We have developed a real-time PCR primer design algorithm based on the general guidelines described in Section 1 (Wang and Seed, 2003a). An outline of the algorithm is presented in Figure 5.1. The algorithm is implemented by a design tool called uPrimer, with which we have designed more than 300,000 primers encompassing most human and mouse genes. The following comprise detailed descriptions of the properties of these primers.
Although primer specificity is one of the most important requirements in real-time PCR, most primer design programs take only one target sequence without considering mispriming to off-target templates. At the present time, to address the mispriming problem, one can design a number of primer pairs and then individually check cross-matches of each primer with BLAST (Altschul et al., 1990). However this screening step is incomplete and does not consider some important design criteria. For example, crossmatches at the 3' end of a primer are more likely to produce non-specific amplicons. In our experience, only about two thirds of the primers designed in the conventional way can be used in real-time PCR experiments.

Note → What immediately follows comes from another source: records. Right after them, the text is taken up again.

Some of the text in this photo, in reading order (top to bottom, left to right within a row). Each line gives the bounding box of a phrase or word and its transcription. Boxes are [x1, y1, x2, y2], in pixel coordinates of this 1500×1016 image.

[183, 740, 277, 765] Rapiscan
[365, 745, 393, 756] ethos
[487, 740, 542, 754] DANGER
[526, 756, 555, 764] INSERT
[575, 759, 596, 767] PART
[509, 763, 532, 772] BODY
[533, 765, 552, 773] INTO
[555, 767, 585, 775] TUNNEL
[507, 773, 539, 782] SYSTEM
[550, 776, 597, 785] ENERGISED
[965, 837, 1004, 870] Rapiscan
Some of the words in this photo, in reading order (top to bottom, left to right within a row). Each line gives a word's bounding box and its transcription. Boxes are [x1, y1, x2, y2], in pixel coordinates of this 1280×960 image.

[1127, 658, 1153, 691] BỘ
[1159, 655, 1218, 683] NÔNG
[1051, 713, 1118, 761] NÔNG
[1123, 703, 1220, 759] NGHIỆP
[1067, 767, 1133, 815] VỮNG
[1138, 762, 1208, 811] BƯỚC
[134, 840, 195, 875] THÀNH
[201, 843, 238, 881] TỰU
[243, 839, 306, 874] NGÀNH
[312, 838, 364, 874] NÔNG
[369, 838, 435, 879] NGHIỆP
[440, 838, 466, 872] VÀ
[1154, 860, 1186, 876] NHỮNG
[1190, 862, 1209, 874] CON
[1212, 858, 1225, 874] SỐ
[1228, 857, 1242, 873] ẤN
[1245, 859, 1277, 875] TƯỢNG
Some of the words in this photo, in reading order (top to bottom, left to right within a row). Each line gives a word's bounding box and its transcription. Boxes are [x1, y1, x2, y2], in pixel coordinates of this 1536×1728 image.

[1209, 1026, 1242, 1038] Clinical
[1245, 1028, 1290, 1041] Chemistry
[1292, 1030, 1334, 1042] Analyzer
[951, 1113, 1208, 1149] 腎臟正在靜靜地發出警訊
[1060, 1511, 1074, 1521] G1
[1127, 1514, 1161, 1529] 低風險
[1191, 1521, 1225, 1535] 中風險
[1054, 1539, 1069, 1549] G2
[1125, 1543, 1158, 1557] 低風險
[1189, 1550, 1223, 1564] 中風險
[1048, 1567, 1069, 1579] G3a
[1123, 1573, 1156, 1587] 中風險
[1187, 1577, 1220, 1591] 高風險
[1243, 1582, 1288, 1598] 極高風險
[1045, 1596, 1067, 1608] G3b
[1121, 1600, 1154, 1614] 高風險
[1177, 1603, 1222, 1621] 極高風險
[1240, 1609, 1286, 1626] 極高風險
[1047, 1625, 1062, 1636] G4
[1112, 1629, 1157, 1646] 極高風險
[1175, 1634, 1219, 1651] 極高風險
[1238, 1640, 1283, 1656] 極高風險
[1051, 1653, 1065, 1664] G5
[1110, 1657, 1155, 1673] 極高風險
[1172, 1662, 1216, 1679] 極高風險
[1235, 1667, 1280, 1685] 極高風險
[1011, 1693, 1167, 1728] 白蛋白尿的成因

Mismatches are known to significantly affect binding stability, and sometimes even a single mismatch may destabilize a DNA duplex. Therefore contiguous base pairing is expected to be one of the most important contributing factors for duplex stability. Our primary filter for primer cross-reactivity is to reject a stretch of contiguous residues that is also found in off-target sequences. Every possible 15-mer in a primer sequence is compared to all known gene sequences in a genome. Primers with repetitive 15-mers are quickly identified and rejected using a computational hashing technique (Wang and Seed, 2003b). To further reduce cross-reactivity, BLAST searches for primer sequence similarity are carried out and all qualified primers have BLAST scores of less than 30.
The primer 3' end is essential to prevent non-specific amplification because Taq polymerase extension can be greatly retarded by terminal mismatches (Huang et al., 1992). Therefore a more stringent filter is applied to cross-matches at the 3' ends. In our algorithm the cross-hybridizing Tm for the 3' end perfect match does not exceed 46 degrees.
Random priming in RT reactions leads to significant amount of non-coding cDNA products, which are a potential source for mispriming. Because of their abundance, more stringent primer specificity filters are applied against non-coding RNA sequences.